[Start of Attachment]

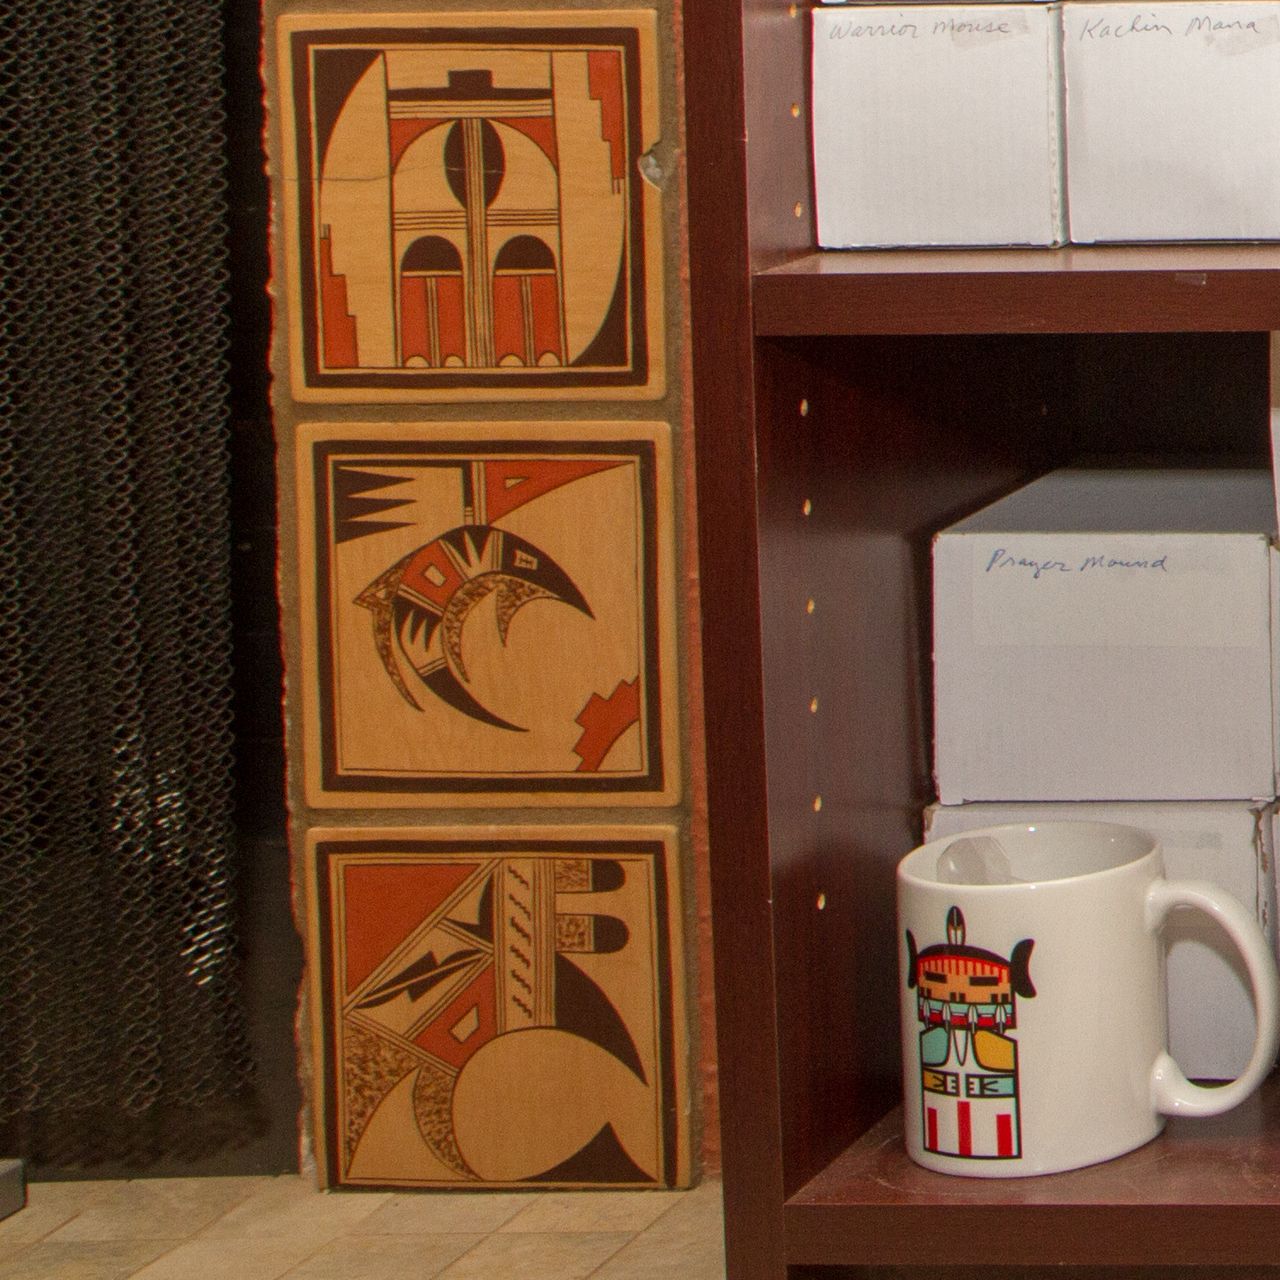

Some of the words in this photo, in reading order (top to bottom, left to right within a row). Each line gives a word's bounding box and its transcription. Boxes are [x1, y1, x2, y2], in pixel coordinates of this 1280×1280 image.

[829, 14, 918, 40] Warrior
[932, 17, 1011, 42] Mouse
[1079, 13, 1173, 41] Kachin
[1185, 15, 1262, 37] Mana
[986, 548, 1072, 577] Prayer
[1079, 553, 1168, 574] Mound
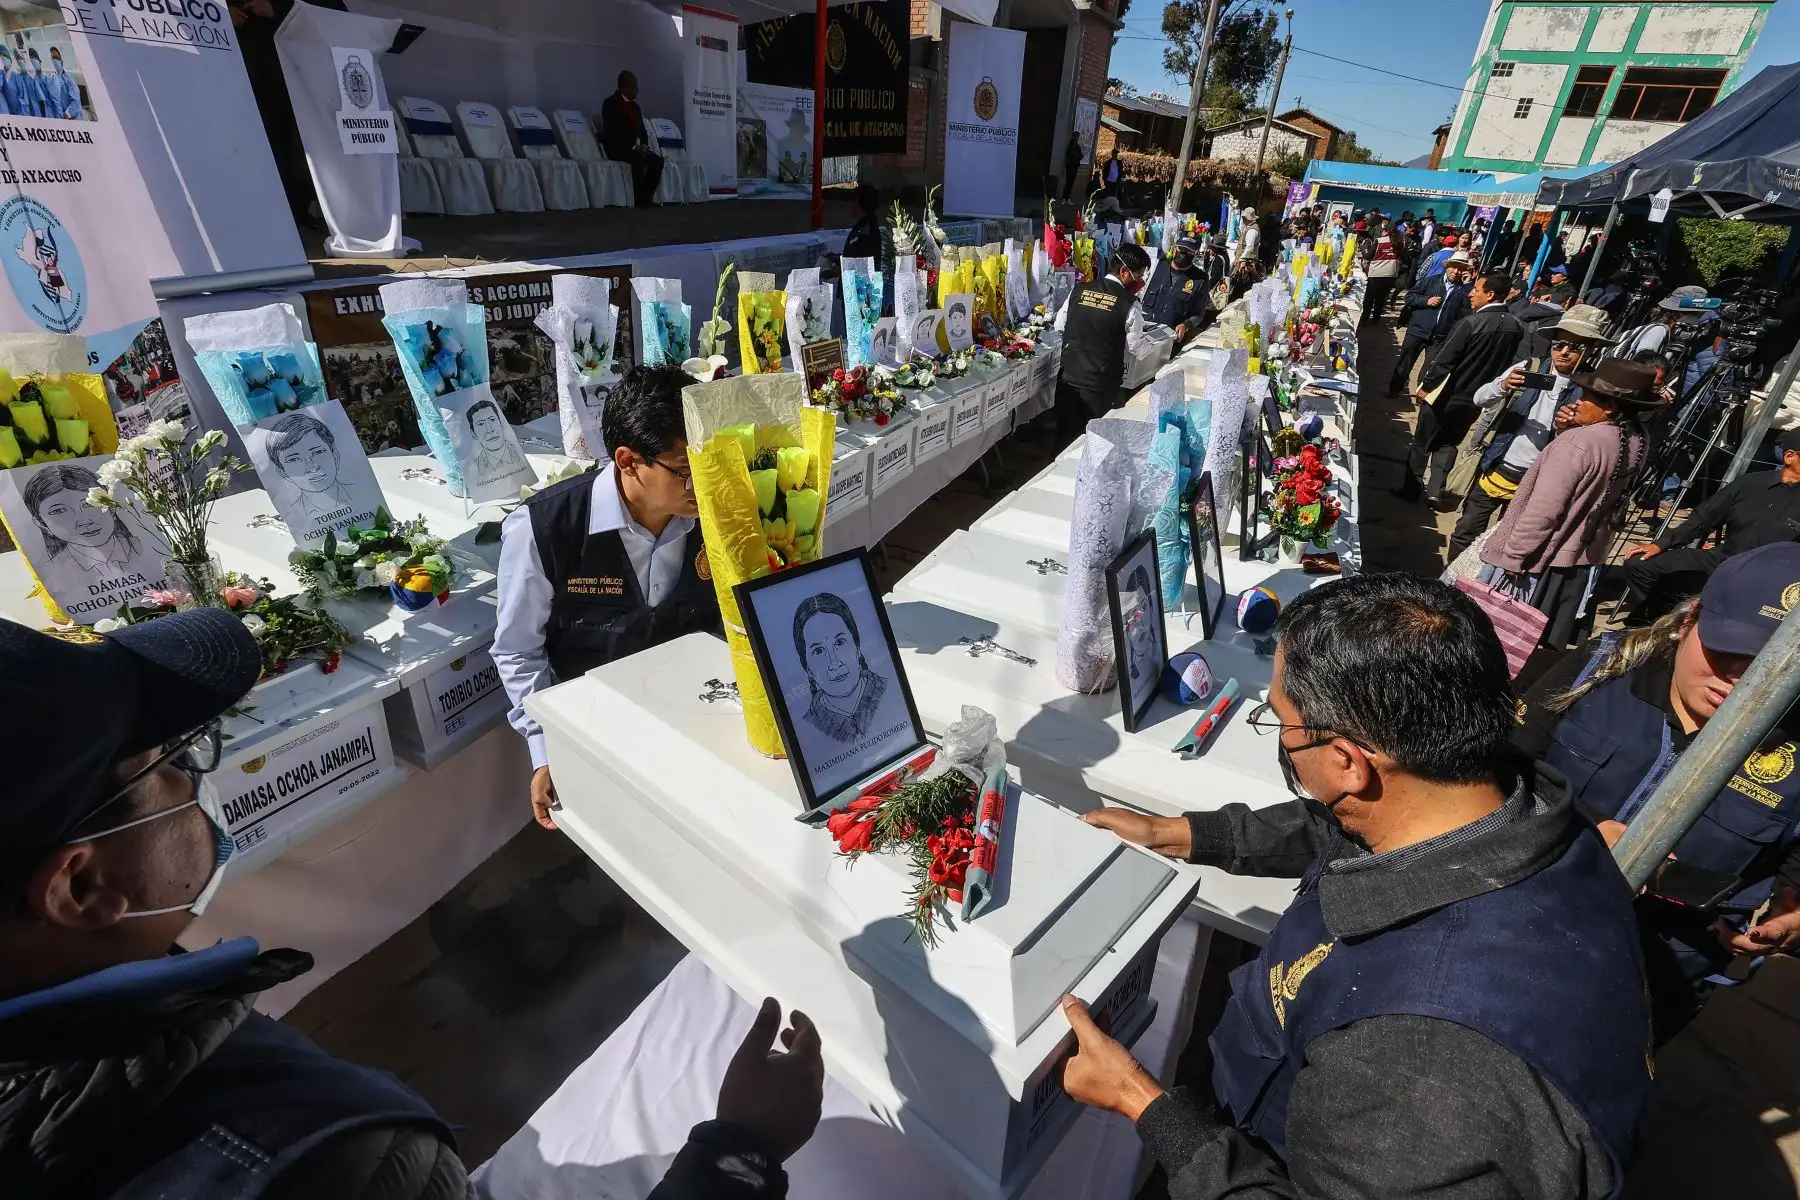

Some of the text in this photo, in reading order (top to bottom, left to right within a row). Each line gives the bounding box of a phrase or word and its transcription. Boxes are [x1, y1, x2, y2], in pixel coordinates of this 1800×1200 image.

[61, 6, 230, 46] DE LA NACIÓN
[341, 118, 389, 129] MINISTERIO
[949, 124, 987, 134] MINISTERIO
[25, 127, 94, 145] MOLECULAR
[1, 169, 82, 184] DE AYACUCHO
[487, 282, 552, 302] ACCOMA
[314, 506, 353, 525] TORIBIO
[304, 511, 376, 541] OCHOA JANAMPA
[88, 572, 147, 596] DÁMASA
[567, 574, 624, 586] MINISTERIO PÚBLICO
[66, 595, 118, 615] OCHOA
[438, 679, 473, 713] TORIBIO
[445, 714, 466, 734] EFE
[814, 720, 908, 774] MAXIMILIANA PULIDO ROMERO
[222, 735, 370, 825] DAMASA OCHOA JANAMPA
[338, 769, 380, 795] 20-05-2022
[235, 824, 266, 850] EFE
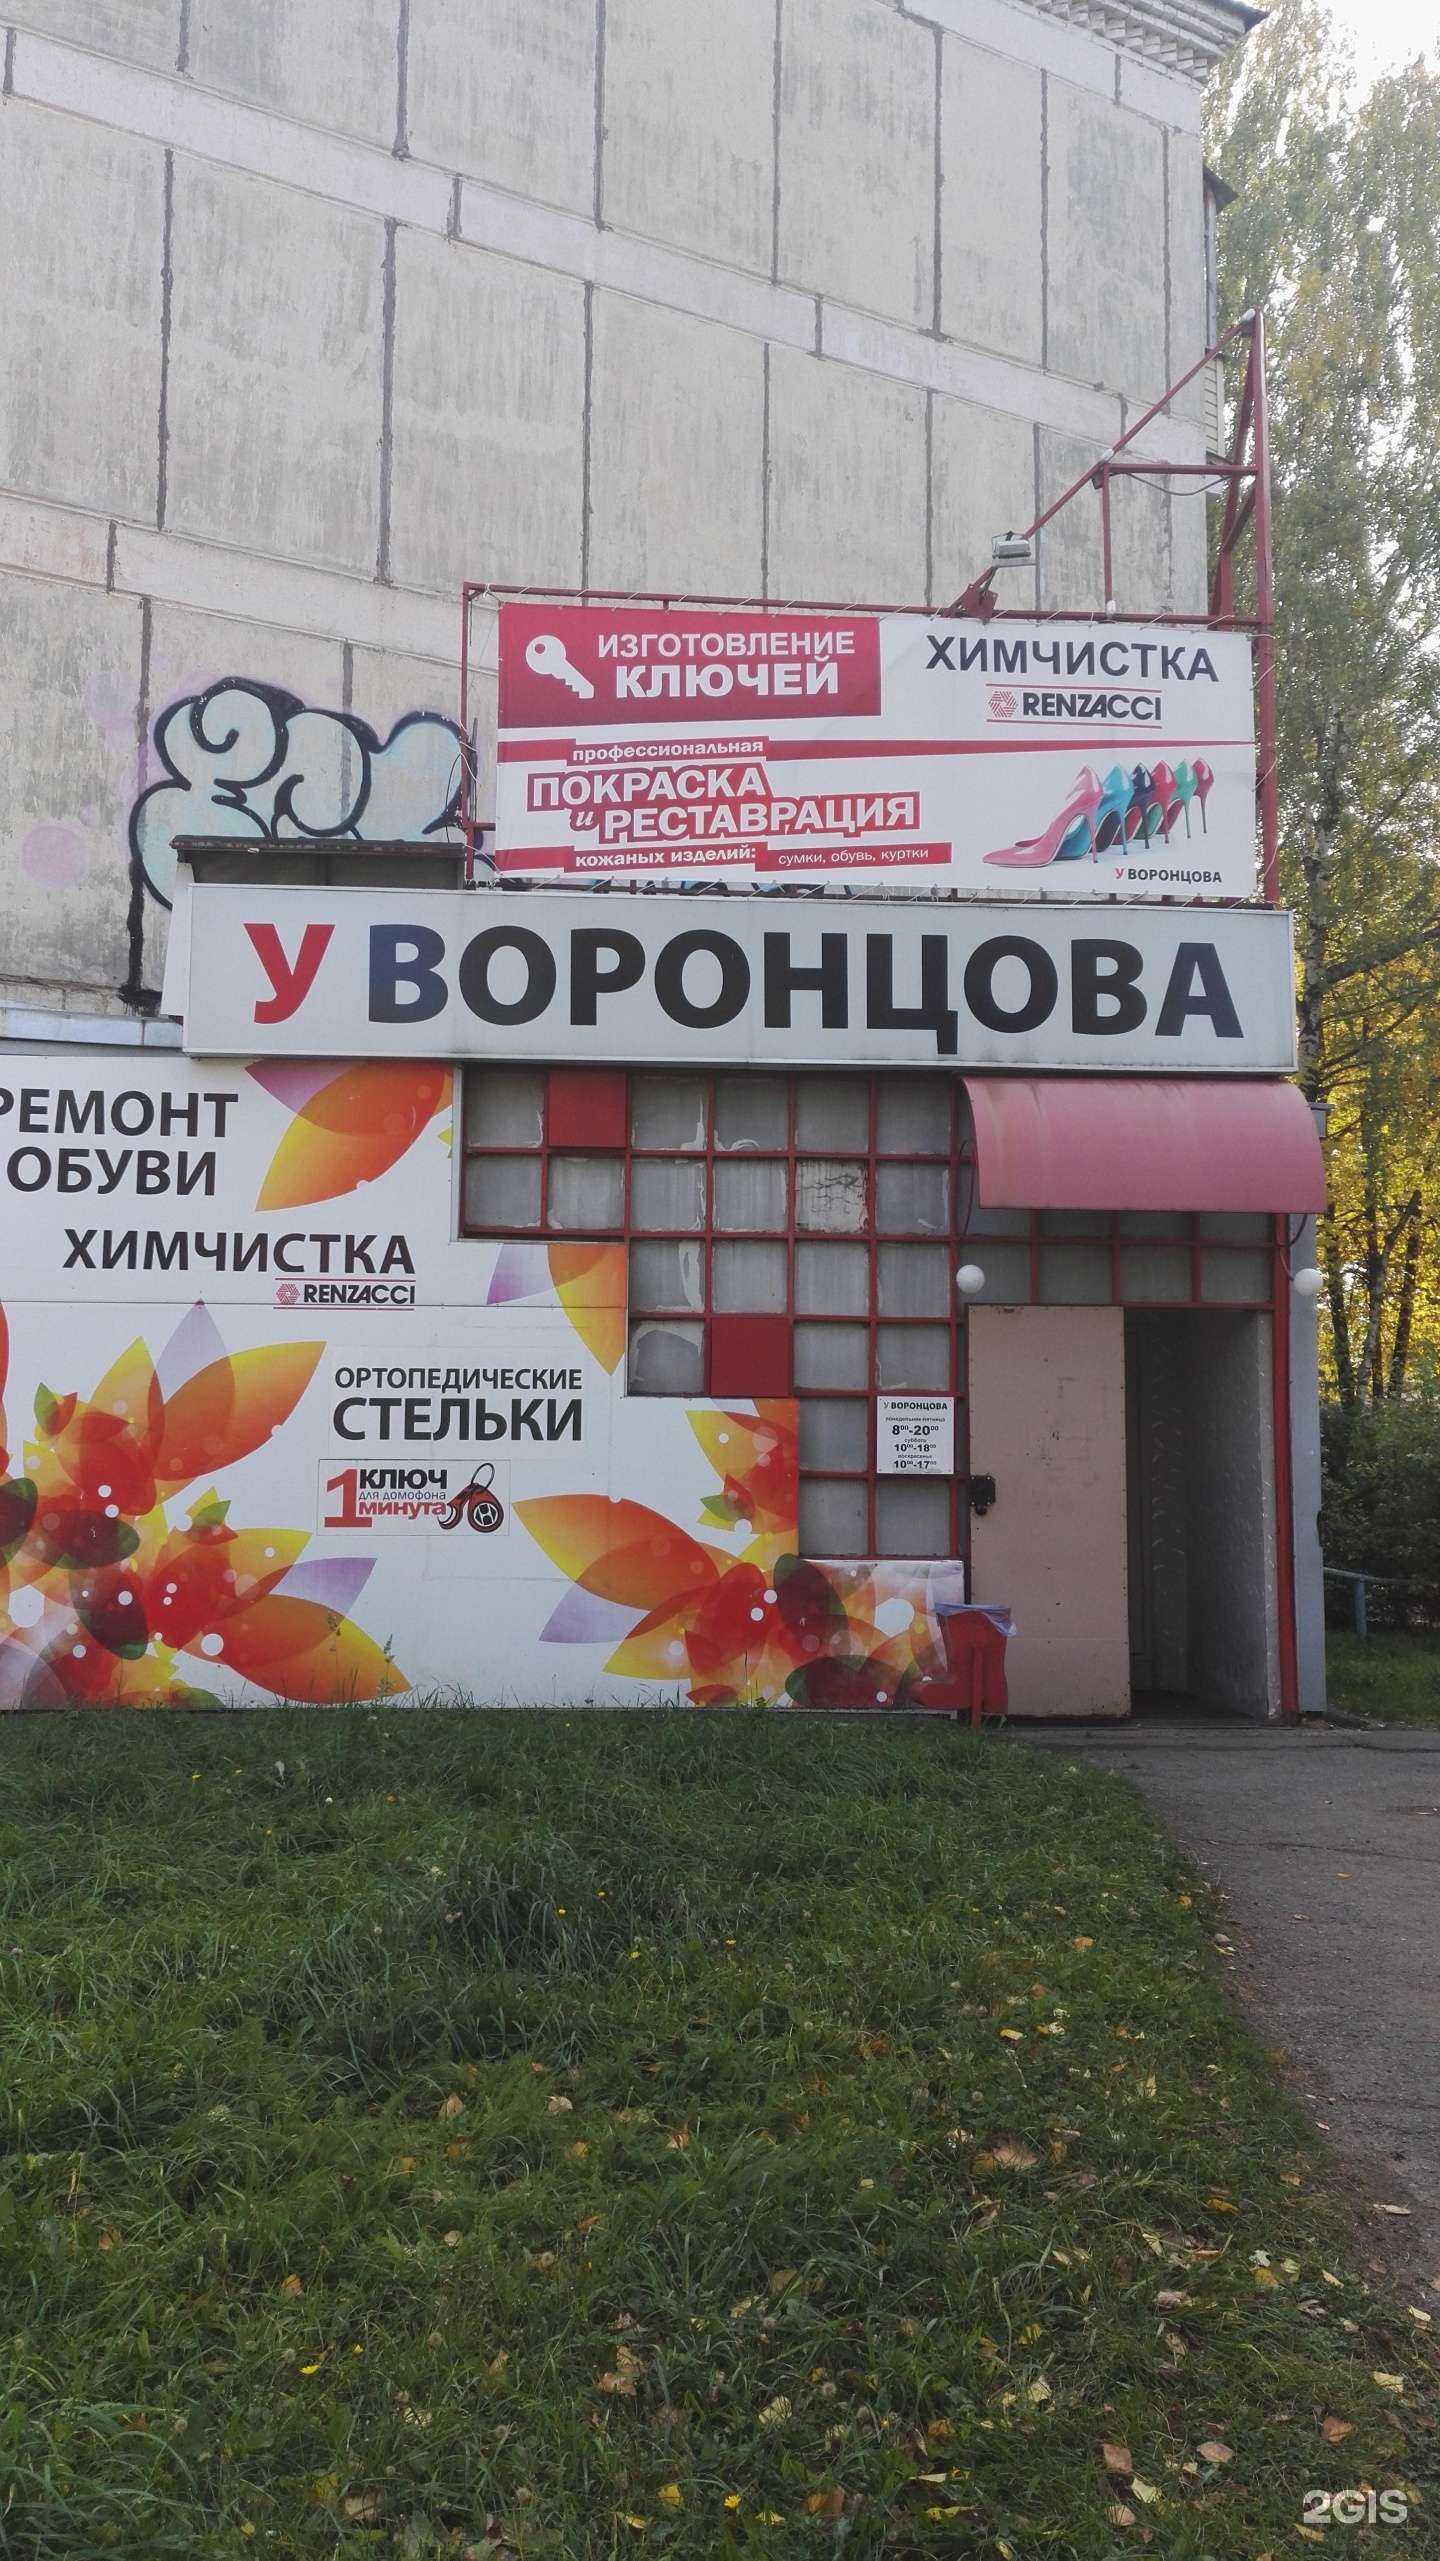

[End of Attachment]

§ REQUIREMENT: The entries above are to be retyped exactly, with each picture left out.

§ FINISHED TASK:
Some of the words in this photo, in reading order (top to bottom, left to right within a row). Each line gives a word's bounding box and its transcription. Boxes are [x1, y1, x2, y2], in pixel coordinates of this 1280×1280 image.

[829, 14, 918, 40] Warrior
[932, 17, 1011, 42] Mouse
[1079, 13, 1173, 41] Kachin
[1185, 15, 1262, 37] Mana
[986, 548, 1072, 577] Prayer
[1079, 553, 1168, 574] Mound

Some of the text in this photo, in reading order (top to bottom, left to right within a row). Each line gives the bounding box of a phrase or word and its transcription. Boxes are [x1, y1, x2, y2], in pixel coordinates of this 1800×1200 image.

[61, 6, 230, 46] DE LA NACIÓN
[341, 118, 389, 129] MINISTERIO
[949, 124, 987, 134] MINISTERIO
[25, 127, 94, 145] MOLECULAR
[1, 169, 82, 184] DE AYACUCHO
[487, 282, 552, 302] ACCOMA
[314, 506, 353, 525] TORIBIO
[304, 511, 376, 541] OCHOA JANAMPA
[88, 572, 147, 596] DÁMASA
[567, 574, 624, 586] MINISTERIO PÚBLICO
[66, 595, 118, 615] OCHOA
[438, 679, 473, 713] TORIBIO
[445, 714, 466, 734] EFE
[814, 720, 908, 774] MAXIMILIANA PULIDO ROMERO
[222, 735, 370, 825] DAMASA OCHOA JANAMPA
[338, 769, 380, 795] 20-05-2022
[235, 824, 266, 850] EFE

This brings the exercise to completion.